Vens: Die Ukrainer zwingen das ungarische Volk zu leiden, während sie versuchen, die Wahlen zu beeinflussen
Der US-Vizepräsident Jay D. Vens äußerte sich während eines Besuchs in Ungarn kritisch zur Ukraine und deren Einflussnahme auf die ungarischen Wahlen, die seiner Meinung nach dem ungarischen Volk Leid zufügt.
Der Vizepräsident der Vereinigten Staaten, Jay D. Vens, hat in einer kürzlichen Stellungnahme während seines Besuchs in Ungarn die Ukraine beschuldigt, den Pipelinefluss der "Druzhba" nach Ungarn zu stoppen, um auf die ungarischen Wahlen Einfluss zu nehmen und dabei dem ungarischen Volk Leid zuzufügen. Dies berichtet die Nachrichtenagentur "Europäische Wahrheit" unter Berufung auf die britische Zeitung The Guardian.
Bei einer Veranstaltung in Budapest wurde Vens von einem Moderator auf seine Äußerungen angesprochen, in denen er behauptete, ukrainische Geheimdienste versuchten, die Wahlen in den USA und Ungarn zu beeinflussen. Vens verwies auf die umstrittenen Kommentare des ukrainischen Präsidenten Wolodymyr Selenskyj, der angekündigt hatte, die Adresse des ungarischen Ministerpräsidenten Viktor Orbán an die ukrainischen Streitkräfte weiterzugeben. Vens bezeichnete Selenskyjs Äußerungen als "absolut skandalös" und "absurd".
Im weiteren Verlauf seiner Ausführungen äußerte Vens seine Besorgnis über das, was er als ausländische Einmischung in die ungarischen Wahlen ansieht. "Mir wurde auch gesagt, dass der Besuch des US-Vizepräsidenten, der erklärt, dass Viktor Orbán gut arbeitet und ein nützlicher Staatsmann für den Frieden ist, als ausländischer Einfluss angesehen wird. Aber dass der Europäische Union droht, Ungarn Milliarden von Dollar vorzuenthalten, weil es seine Grenzen schützt, wird anscheinend nicht als ausländische Einmischung betrachtet. Es ist auch keine Einmischung, wenn die Ukrainer Pipelines schließen und dem ungarischen Volk Leid zufügen, während sie versuchen, die Wahlen zu beeinflussen, was angeblich keine ausländische Einmischung ist", erklärte Vens.
Er betonte, dass die USA "Ungarn niemals gedroht haben, indem sie sagten: Wenn ihr nicht für Viktor Orbán stimmt, werdet ihr dies oder das nicht erhalten." Vens fügte hinzu: "Wir würden so etwas niemals tun, denn wir respektieren das ungarische Volk so sehr, dass wir seinen Souveränität respektieren. Die Tatsache, dass so viele ausländische Akteure, sei es transnationale Organisationen wie die Bürokraten in Brüssel oder ausländische Regierungen, dem ungarischen Volk buchstäblich drohen: 'Stimmt so, sonst werden wir uns rächen', sollte euch sehr wütend machen", sagte Vens weiter.

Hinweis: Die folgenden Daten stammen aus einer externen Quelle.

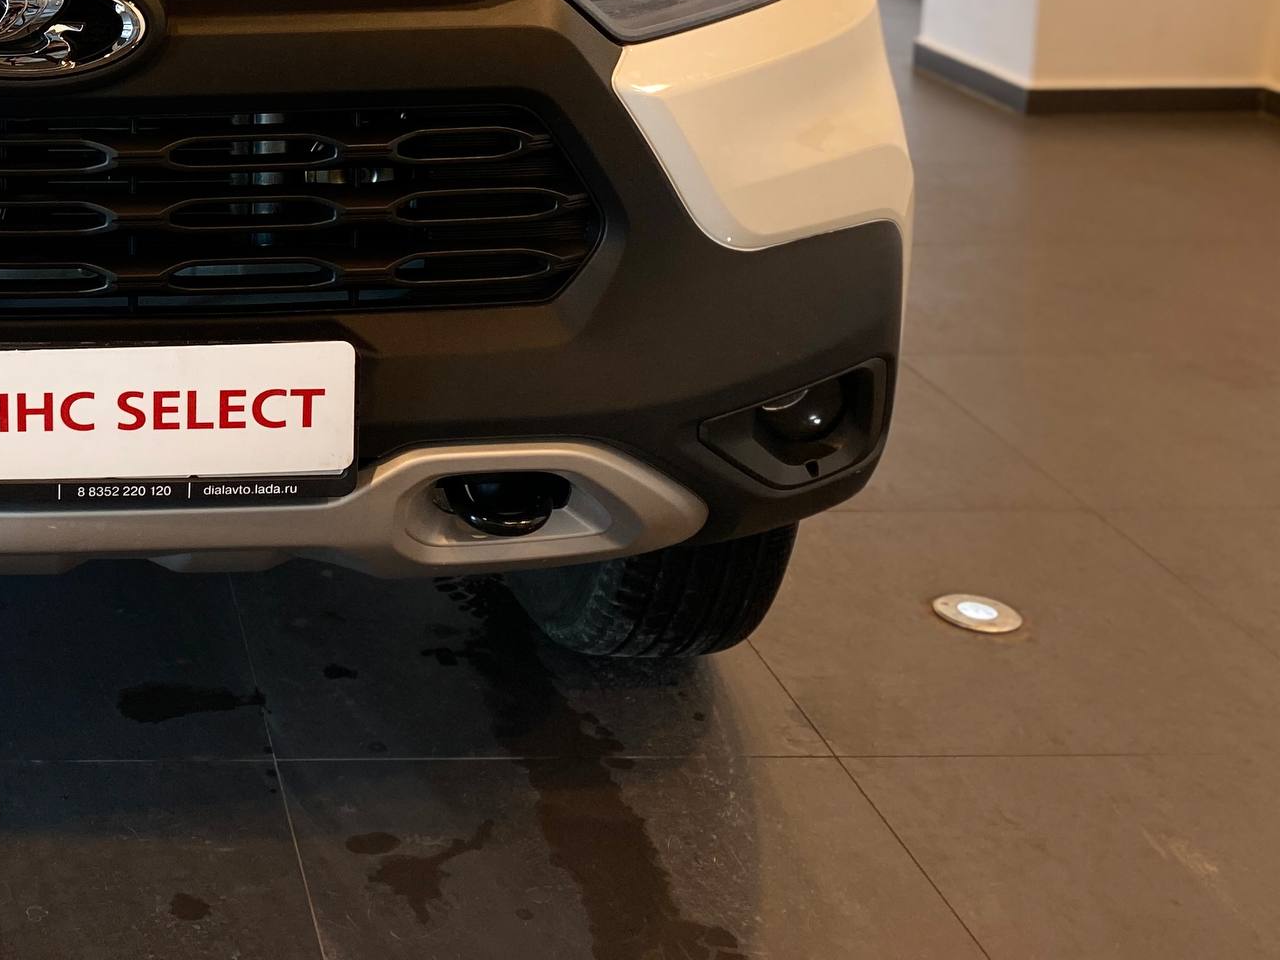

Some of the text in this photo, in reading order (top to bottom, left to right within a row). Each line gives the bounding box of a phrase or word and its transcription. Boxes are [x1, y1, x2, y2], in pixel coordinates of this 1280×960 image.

[116, 387, 327, 432] SELECT
[77, 485, 172, 497] 8 8352 220 120
[203, 483, 298, 496] dialavto.lada.ru

Er bekräftigte seine Unterstützung für Orbán und erklärte, dass der Schutz der Souveränität Ungarns erfordere, dass "das ungarische Volk... diese ausländischen Einflussoperationen zurückweist, für denjenigen stimmt, den es als seinen Führer sehen möchte, und die Bürokraten aus Brüssel zurückweist". Vens hatte zuvor erklärt, dass er nach Budapest gekommen sei, weil das "Eingreifen Brüssels" in die ungarischen Wahlen empörend sei.

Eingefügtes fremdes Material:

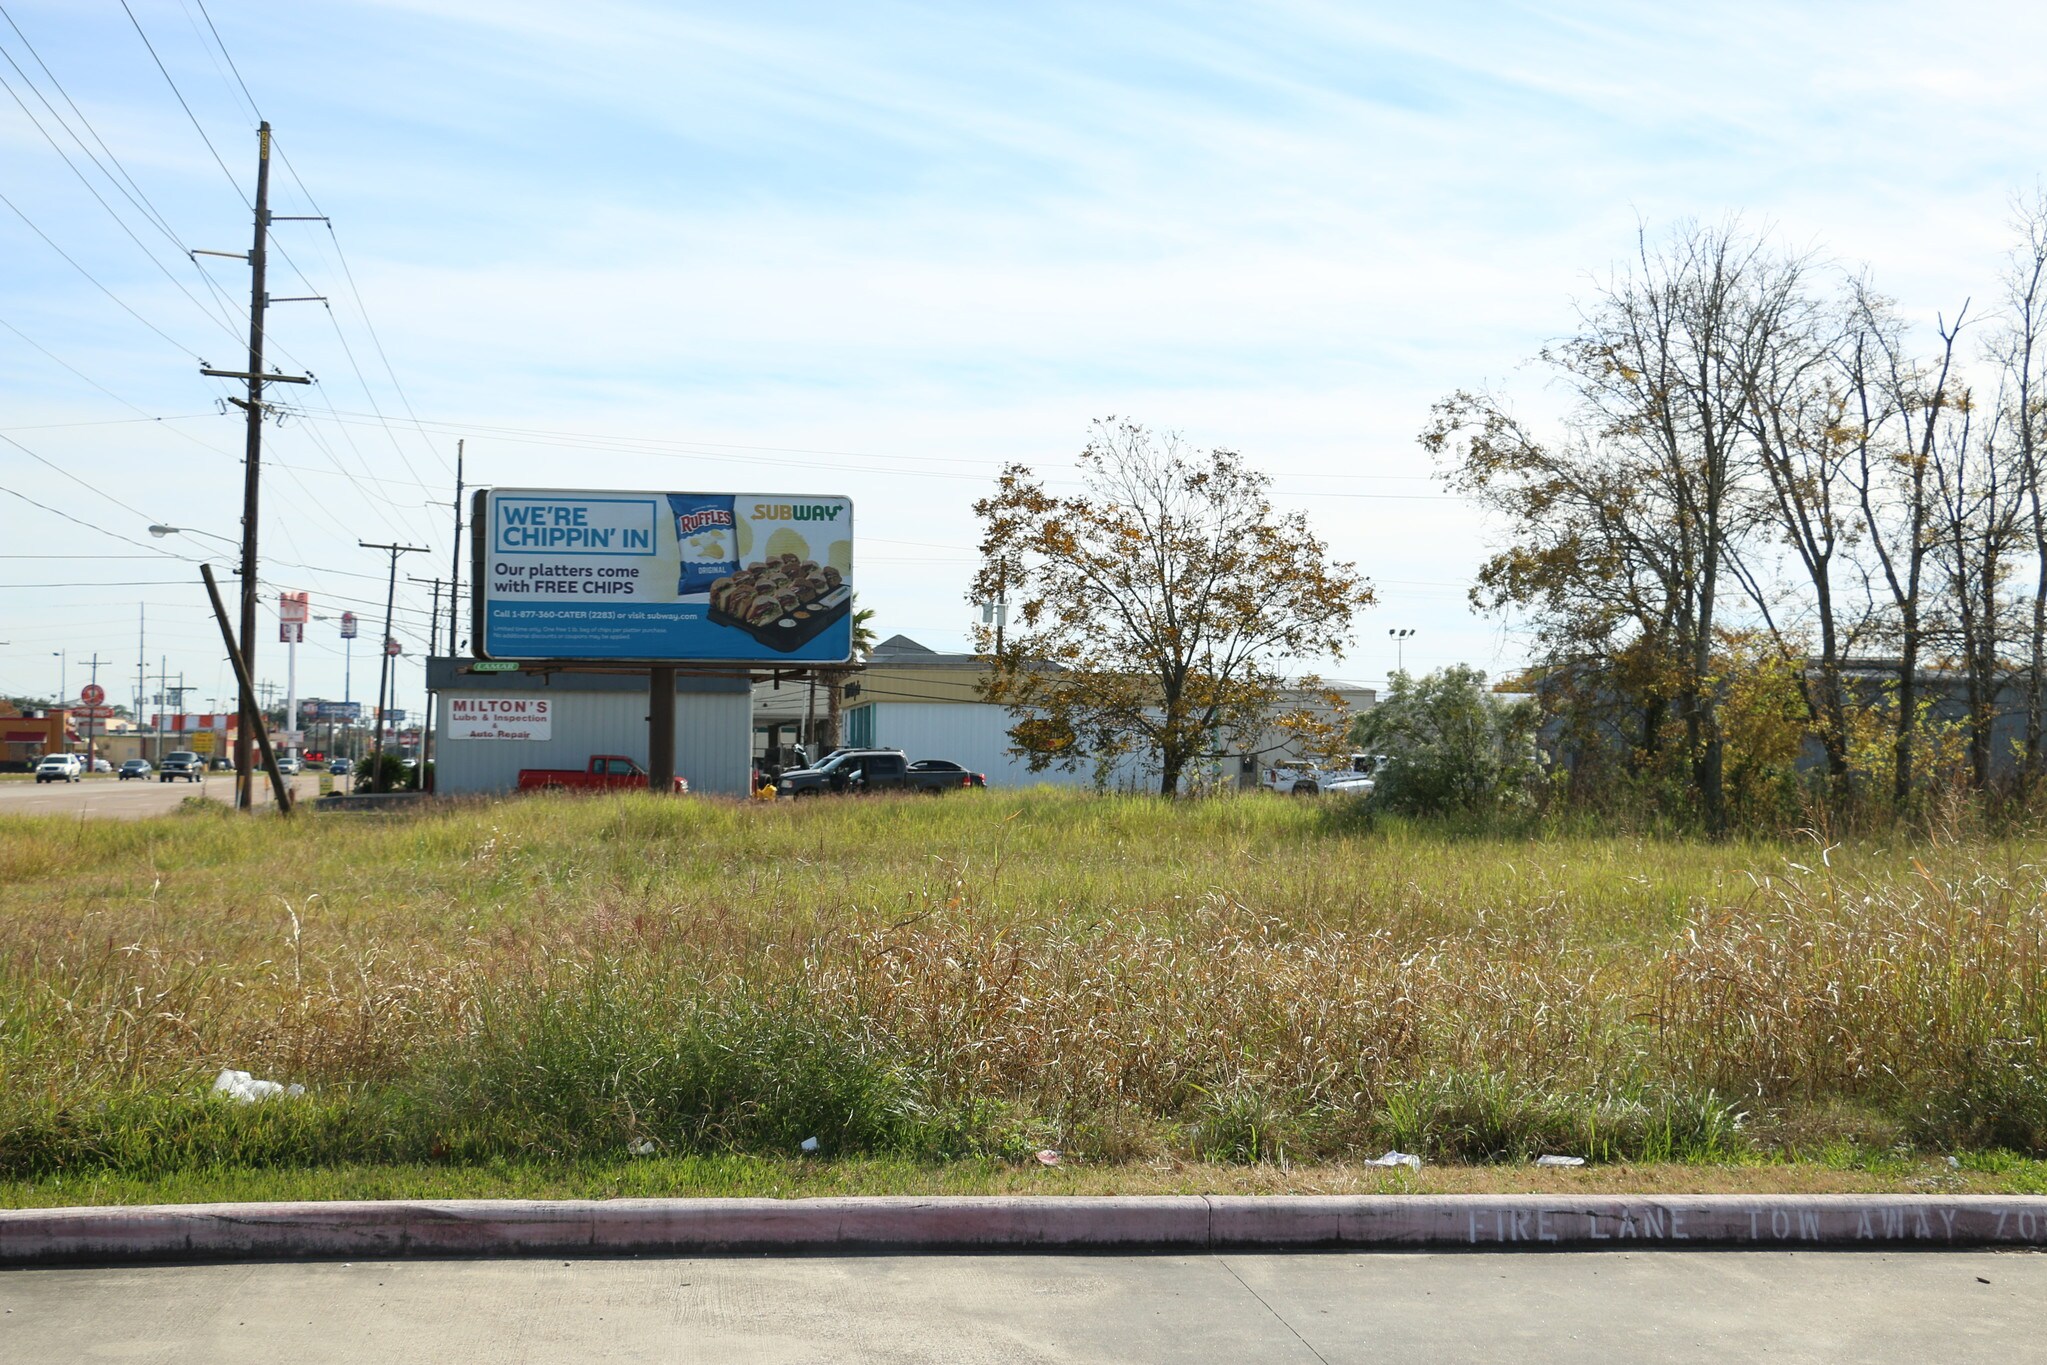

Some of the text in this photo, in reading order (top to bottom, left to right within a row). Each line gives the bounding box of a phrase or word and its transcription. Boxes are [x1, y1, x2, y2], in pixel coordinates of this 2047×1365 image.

[504, 506, 588, 526] WE'RE
[751, 504, 843, 521] SUBWAY
[680, 510, 732, 533] RUFFLES
[503, 527, 648, 548] CHIPPIN' IN
[495, 563, 639, 579] Our platters come
[698, 566, 727, 574] ORIGINAL
[495, 580, 634, 594] with FREE CHIPS
[493, 610, 510, 618] Call
[512, 610, 587, 619] 1-877-360-CATER
[588, 610, 616, 619] (2283)
[628, 611, 645, 619] visit
[646, 612, 698, 621] subway.com
[453, 700, 548, 713] MILTON'S
[494, 714, 547, 722] Inspection
[469, 730, 531, 739] Auto Repair
[1469, 1207, 2047, 1243] FIRE LANE TOW AWAY ZO

Die Kontroversen rund um die ungarischen Wahlen und den Einfluss ausländischer Mächte sind nicht neu, jedoch hat Vens' Besuch und seine Aussagen die Diskussion über die Souveränität Ungarns und die Rolle der internationalen Gemeinschaft in den Wahlen neu entfacht. Die ungarische Regierung steht unter Druck, sich sowohl von der EU als auch von anderen internationalen Akteuren zu behaupten, während sie gleichzeitig versucht, die Unterstützung der eigenen Bevölkerung zu sichern.
In Anbetracht der bevorstehenden Wahlen in Ungarn wird erwartet, dass solche Äußerungen und die Debatte über ausländische Einflussnahme weiterhin im Mittelpunkt der politischen Diskussionen stehen werden. Die ungarische Regierung wird sich weiterhin bemühen, die nationale Identität und Souveränität zu betonen, während sie gleichzeitig mit den Herausforderungen und Erwartungen der internationalen Gemeinschaft umgeht.